Recorded information:
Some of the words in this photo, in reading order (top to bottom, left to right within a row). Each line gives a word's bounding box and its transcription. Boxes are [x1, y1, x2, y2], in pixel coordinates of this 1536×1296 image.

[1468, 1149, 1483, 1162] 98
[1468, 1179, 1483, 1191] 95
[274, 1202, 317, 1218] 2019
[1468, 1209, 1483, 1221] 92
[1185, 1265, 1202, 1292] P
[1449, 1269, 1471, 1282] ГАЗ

Exercise: Restate the records exactly. Leave nothing out.

Response to this exercise:
Some of the words in this photo, in reading order (top to bottom, left to right within a row). Each line gives a word's bounding box and its transcription. Boxes are [x1, y1, x2, y2], in pixel coordinates of this 1536×1296 image.

[1468, 1149, 1483, 1162] 98
[1468, 1179, 1483, 1191] 95
[274, 1202, 317, 1218] 2019
[1468, 1209, 1483, 1221] 92
[1185, 1265, 1202, 1292] P
[1449, 1269, 1471, 1282] ГАЗ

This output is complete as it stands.